Under the proposed legislation, individuals found manufacturing, selling, or distributing cultivated meat would face misdemeanor charges, with food establishments risking disciplinary actions and potential license suspensions for non-compliance.

The impetus for the ban comes amidst heightened scrutiny over the safety and viability of lab-grown meat, particularly as Microsoft co-founder Bill Gates champions significant investments into its development. While proponents of synthetic meat tout its potential as a sustainable and ethical alternative to traditional agriculture, concerns regarding its safety profile and long-term health implications have prompted Florida legislators to take decisive action.

The bills, including the Senate counterpart SB 1084, have garnered support from conventional agricultural sectors while encountering opposition from researchers and investors invested in lab-grown meat technology. Critics contend that the U.S. Department of Agriculture (USDA) has already sanctioned the consumption of lab-grown meat, pointing to approvals granted to California-based companies like Upside Foods (formerly Memphis Meats) and Good Meat.

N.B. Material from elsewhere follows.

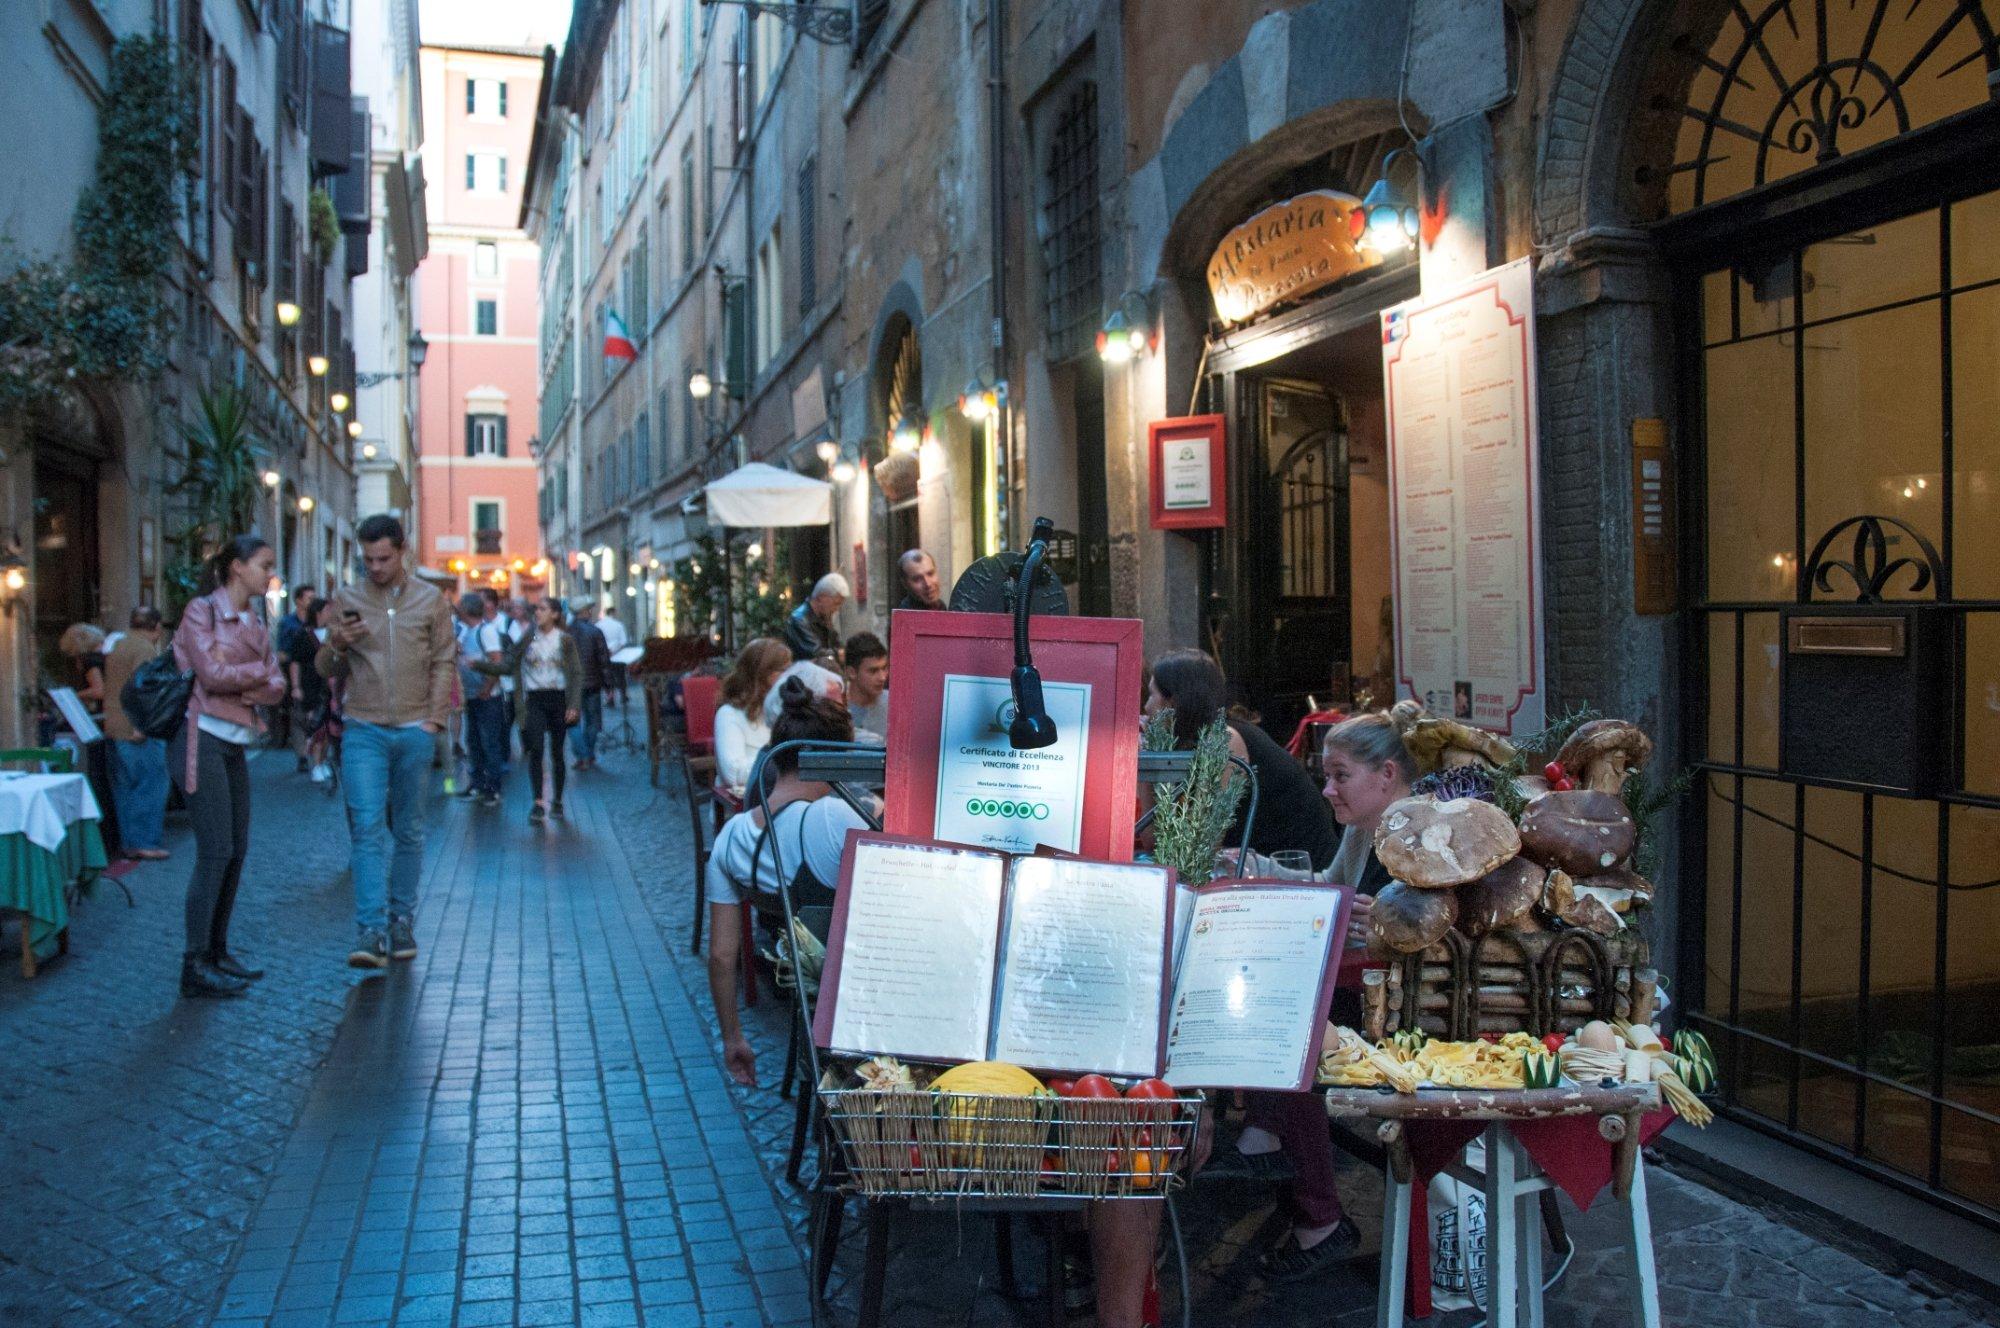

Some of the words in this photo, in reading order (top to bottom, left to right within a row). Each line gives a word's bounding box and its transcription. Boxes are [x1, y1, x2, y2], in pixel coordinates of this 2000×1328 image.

[960, 746, 1006, 758] Certificato
[1008, 750, 1017, 758] di
[1019, 751, 1064, 761] Eccellenza
[982, 761, 1020, 770] VINCITORE

Nevertheless, the Florida Cattlemen’s Association stands firmly behind the proposed ban, reflecting broader industry sentiments aligned with safeguarding traditional agricultural practices.

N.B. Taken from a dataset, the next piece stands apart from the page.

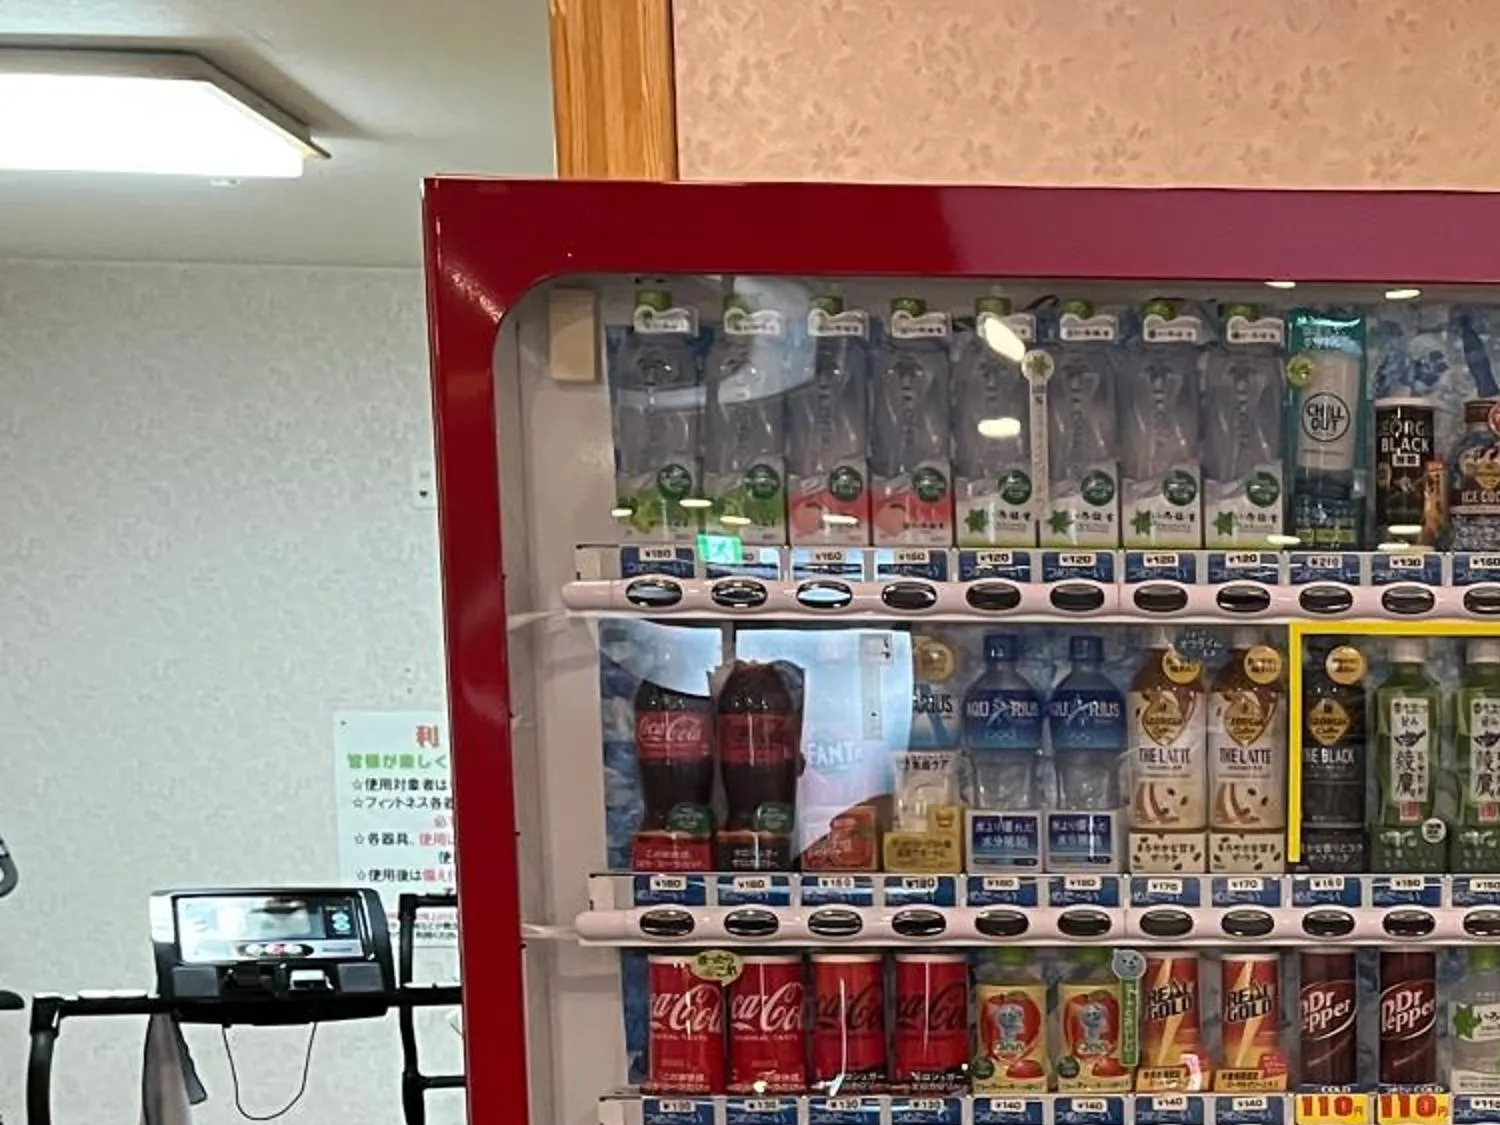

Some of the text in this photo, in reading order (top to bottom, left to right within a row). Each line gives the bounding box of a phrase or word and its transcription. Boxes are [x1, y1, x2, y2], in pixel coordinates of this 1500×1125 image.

[1379, 437, 1430, 453] BLACK
[1321, 748, 1355, 765] BLACK
[1309, 990, 1335, 1013] Dr
[1402, 988, 1425, 1012] Dr

Despite assertions from supporters that lab-grown meat offers a pragmatic solution to escalating concerns surrounding food safety and dwindling farmland, dissenting voices caution against its potential risks. Notably, concerns persist regarding the genetic engineering of cells and the emergence of cancer-promoting properties within lab-grown meat, as highlighted by the Center for Food Safety. Furthermore, uncertainties persist regarding the sterility of lab-grown meat production processes and the absence of adequate pathogenic control mechanisms, raising apprehensions about potential health hazards associated with consumption.

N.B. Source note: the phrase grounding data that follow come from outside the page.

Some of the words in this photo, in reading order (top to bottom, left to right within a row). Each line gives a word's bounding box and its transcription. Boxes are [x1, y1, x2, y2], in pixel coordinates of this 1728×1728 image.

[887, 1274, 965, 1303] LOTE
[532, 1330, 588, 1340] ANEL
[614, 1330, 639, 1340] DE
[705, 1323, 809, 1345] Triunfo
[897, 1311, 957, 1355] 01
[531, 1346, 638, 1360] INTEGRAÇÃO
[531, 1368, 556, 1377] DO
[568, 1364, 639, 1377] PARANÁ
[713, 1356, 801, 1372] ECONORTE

The legislative developments in Florida resonate with broader efforts across the United States to address the proliferation of lab-grown meat products. Recently, the Alabama Senate passed legislation prohibiting the sale and manufacture of lab-grown meat, underscoring a growing trend towards regulatory intervention in the realm of alternative protein sources. Additionally, federal initiatives, such as the proposed “School Lunch Integrity Act,” seek to preemptively ban lab-grown meat from government-sponsored meal programs, citing concerns over nutritional quality and allergen research.

As Florida lawmakers navigate the complexities surrounding lab-grown meat regulation, the debate underscores broader societal tensions surrounding food production, consumer safety, and the ethical considerations inherent in technological advancements. While the fate of lab-grown meat remains uncertain within Florida and beyond, the discourse surrounding its regulation underscores the need for informed policymaking and continued dialogue among stakeholders invested in shaping the future of food production and consumption.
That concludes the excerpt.